Thursday, June 08, 2023

Cruising Sunset with Davy Jones in his Classic Cadillac

by Daniel Cano                                                                                    

A truly nice person

     It was 1969. I had my army discharge, and I was free at last. Some friends and I started a band, why not, a good way to meet girls, make a little money, and who knows, maybe hit it big. This was Los Angeles, garage bands were big, playing house parties, school dances, writing a few songs, getting booked up on Sunset Strip, and boom, a contract with Capitol Records, or so we thought.
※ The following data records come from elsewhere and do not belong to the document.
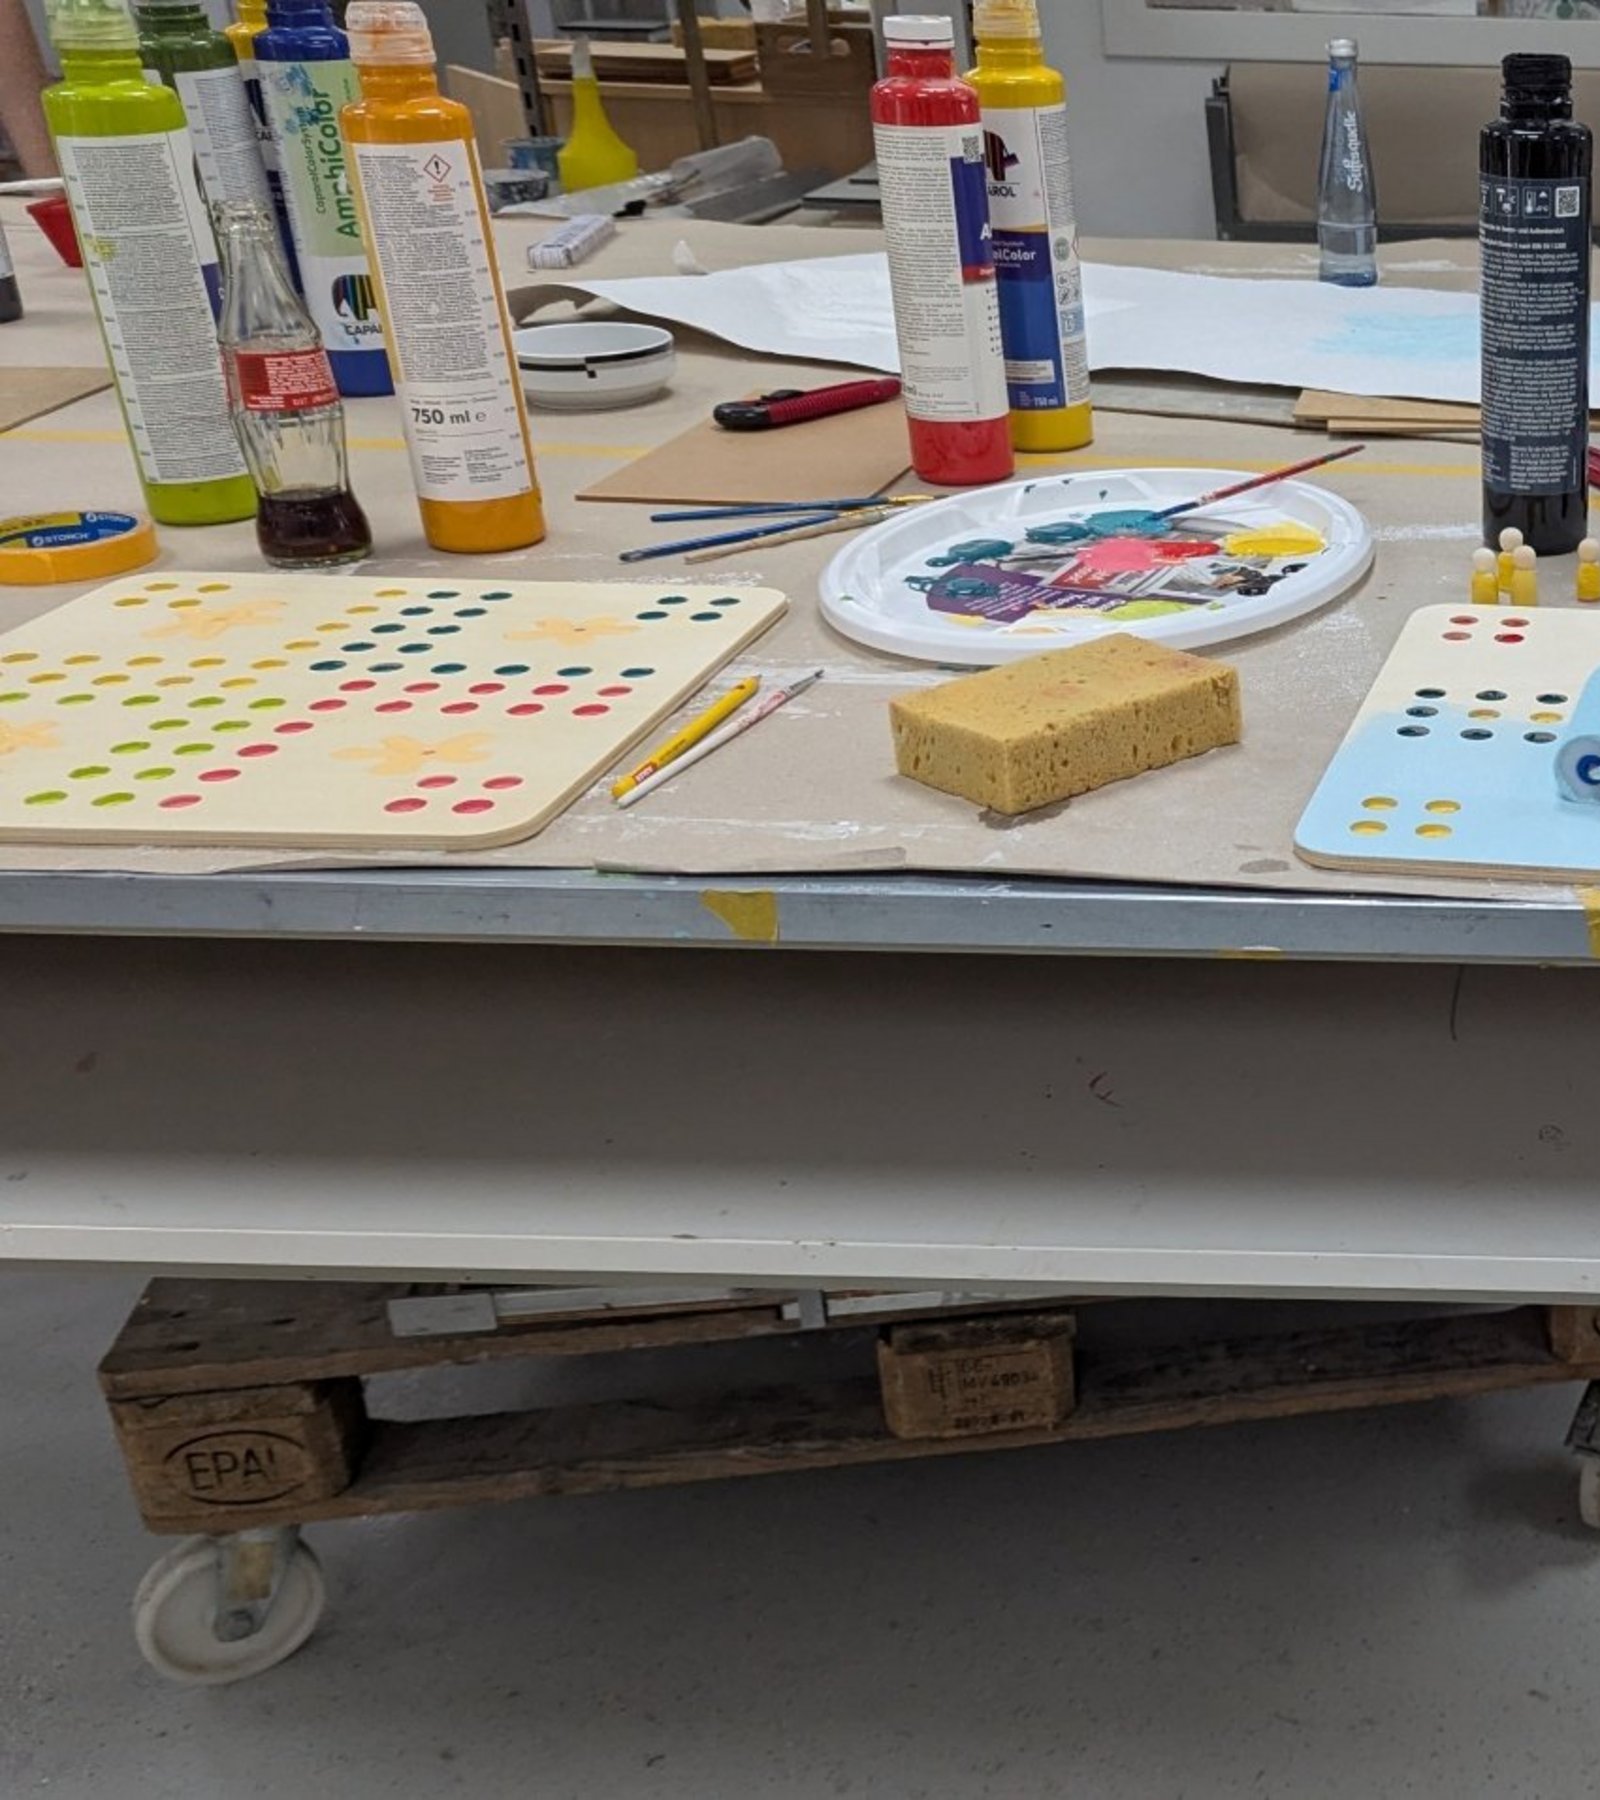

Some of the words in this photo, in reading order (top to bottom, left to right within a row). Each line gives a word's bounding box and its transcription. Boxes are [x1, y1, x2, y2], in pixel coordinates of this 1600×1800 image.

[345, 323, 383, 336] CAPA
[411, 408, 444, 424] 750
[450, 410, 471, 424] ml
[45, 532, 89, 544] STORCH
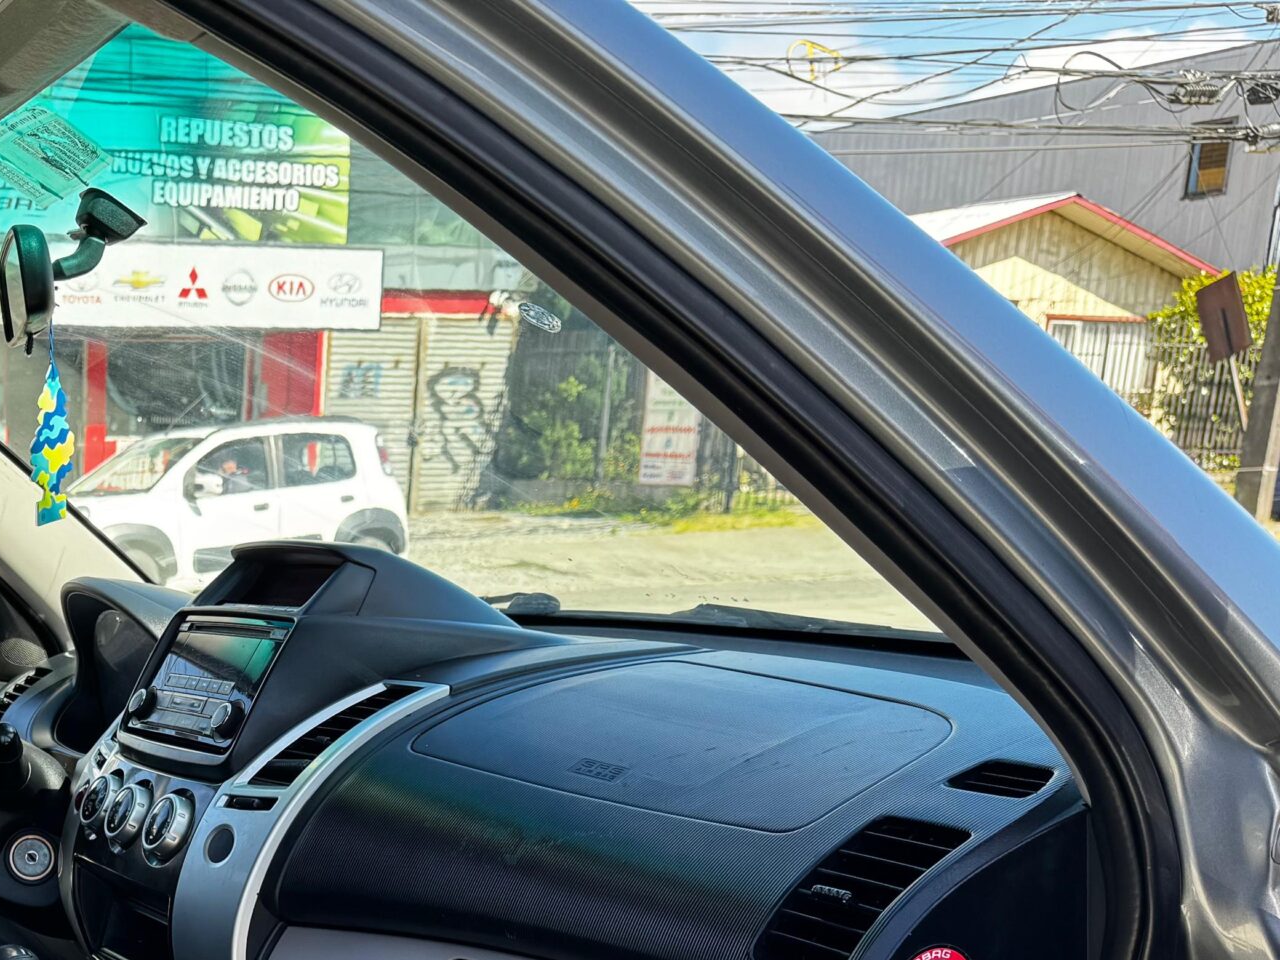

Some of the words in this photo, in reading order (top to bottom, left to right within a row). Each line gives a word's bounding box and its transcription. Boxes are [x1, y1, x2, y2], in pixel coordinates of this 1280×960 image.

     Some kids in the neighborhood had started that way, like Jan and Arnie in the early 60’s. Arnie lived a few blocks away, near Stoner Park, and attended the local West L.A. high school, University. The two met at Emerson Jr. High, got themselves an early hit record, "Gas Money". Arnie tired of the music scene, so Jan hooked up with Dean. You may have heard of them Jan and Dean. David Crosby also attended University High. He did some folk singing, joined The Byrds, and blew up the folk-rock scene before he teamed up with Stills and Nash.

     My friend Marco Sanchez, played guitar, and since he wasn’t a bit nervous about singing in front of people, he became the lead singer. Marco’s older brother Manuel, and Manuel’s two friends, Vic Diaz and Tony Minicello, found minor success as the Sinners. They were the house band at Gazzarri’s on the Sunset Strip, which got them a regular gig on the television show Hollywood a-Go-Go. My friend Arthur Enriguez, with his electric guitar, accompanied Kathy Young in a talent show at Daniel Webster Jr. High. She later recorded "A Thousand Stars." That gave us some motivation.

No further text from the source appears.